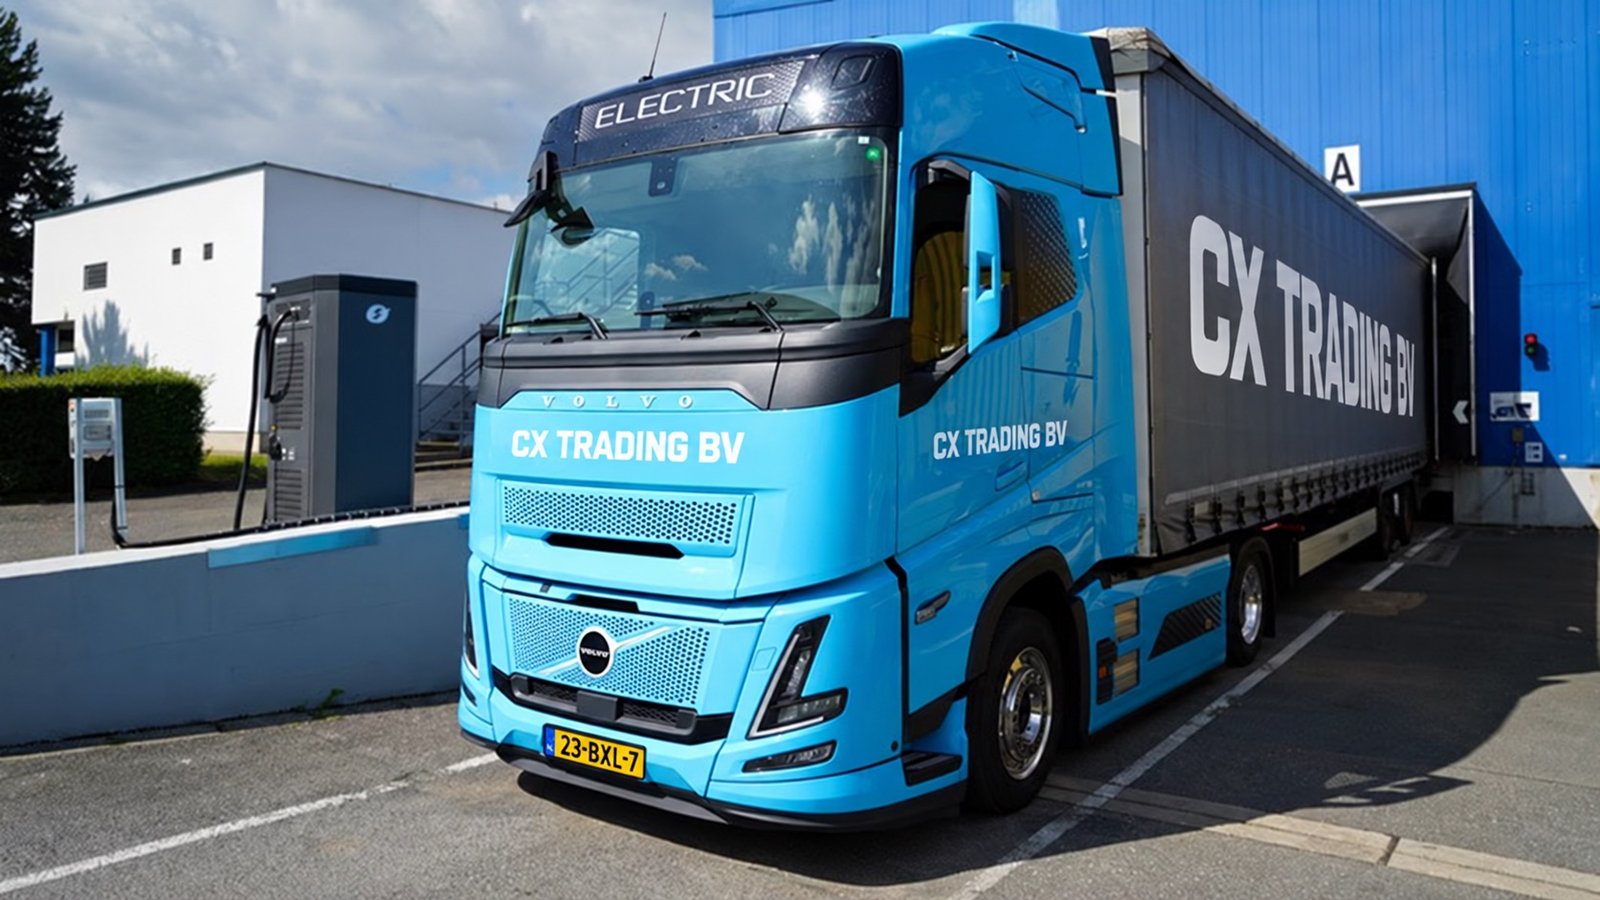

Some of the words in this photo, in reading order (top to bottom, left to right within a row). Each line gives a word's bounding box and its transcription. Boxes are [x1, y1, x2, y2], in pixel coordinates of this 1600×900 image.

[594, 72, 776, 129] ELECTRIC
[1330, 152, 1355, 187] A
[1189, 214, 1267, 387] CX
[1276, 259, 1392, 414] TRADING
[1397, 333, 1415, 417] BV
[543, 394, 694, 409] VOLVO
[511, 429, 549, 459] CX
[556, 430, 689, 463] TRADING
[698, 431, 745, 464] BV
[933, 430, 960, 460] CX
[965, 422, 1040, 456] TRADING
[1045, 420, 1068, 447] BV
[580, 646, 610, 659] VOLVO
[560, 734, 639, 772] 23-BXL-7
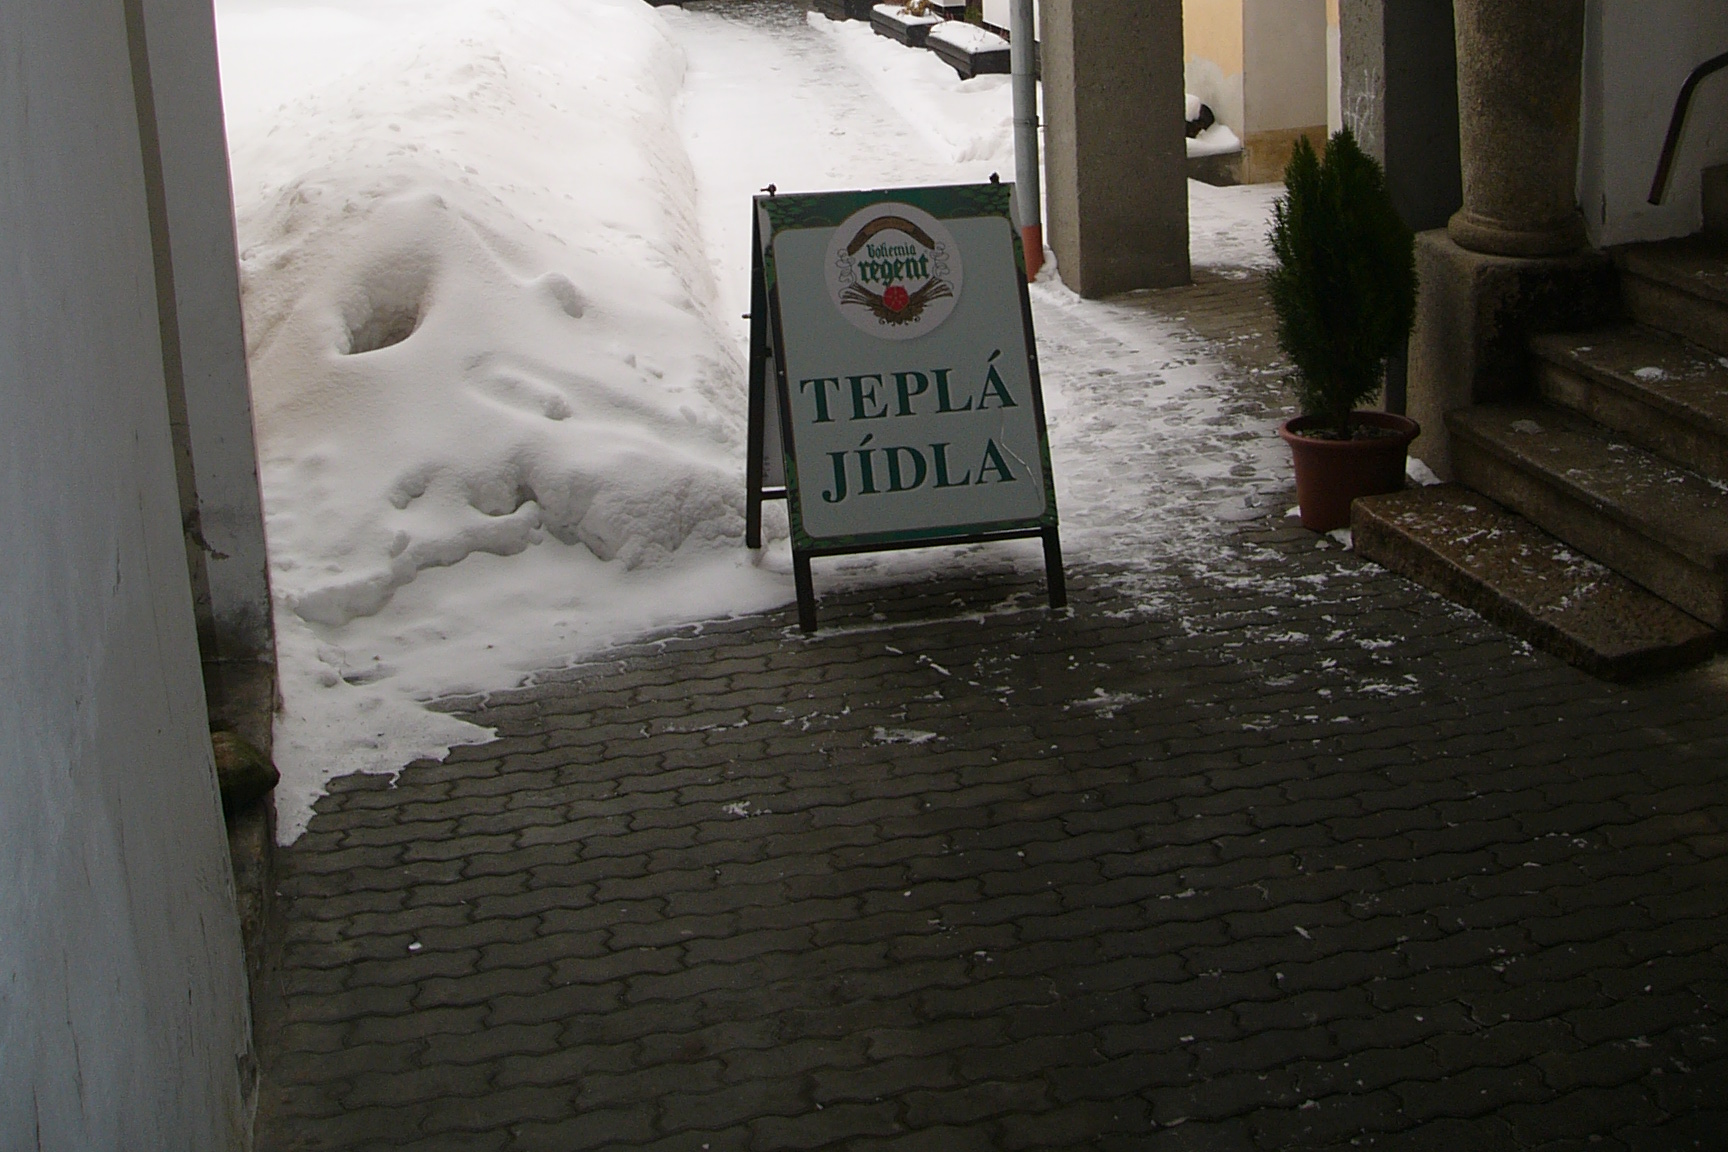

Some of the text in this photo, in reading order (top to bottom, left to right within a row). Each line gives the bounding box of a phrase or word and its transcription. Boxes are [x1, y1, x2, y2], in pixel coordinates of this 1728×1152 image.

[857, 254, 930, 286] regent
[800, 350, 1018, 423] TEPLÁ
[822, 434, 1017, 503] JÍDLA

Work instruction = Leave out the pictures and output the rest of the records exactly.

Reply =
Some of the words in this photo, in reading order (top to bottom, left to right within a row). Each line gives a word's bounding box and its transcription. Boxes are [x1, y1, x2, y2], in pixel coordinates of this 1600×900 image.

[594, 72, 776, 129] ELECTRIC
[1330, 152, 1355, 187] A
[1189, 214, 1267, 387] CX
[1276, 259, 1392, 414] TRADING
[1397, 333, 1415, 417] BV
[543, 394, 694, 409] VOLVO
[511, 429, 549, 459] CX
[556, 430, 689, 463] TRADING
[698, 431, 745, 464] BV
[933, 430, 960, 460] CX
[965, 422, 1040, 456] TRADING
[1045, 420, 1068, 447] BV
[580, 646, 610, 659] VOLVO
[560, 734, 639, 772] 23-BXL-7

Some of the text in this photo, in reading order (top to bottom, left to right within a row). Each line gives the bounding box of a phrase or word and its transcription. Boxes are [x1, y1, x2, y2], in pixel coordinates of this 1728×1152 image.

[857, 254, 930, 286] regent
[800, 350, 1018, 423] TEPLÁ
[822, 434, 1017, 503] JÍDLA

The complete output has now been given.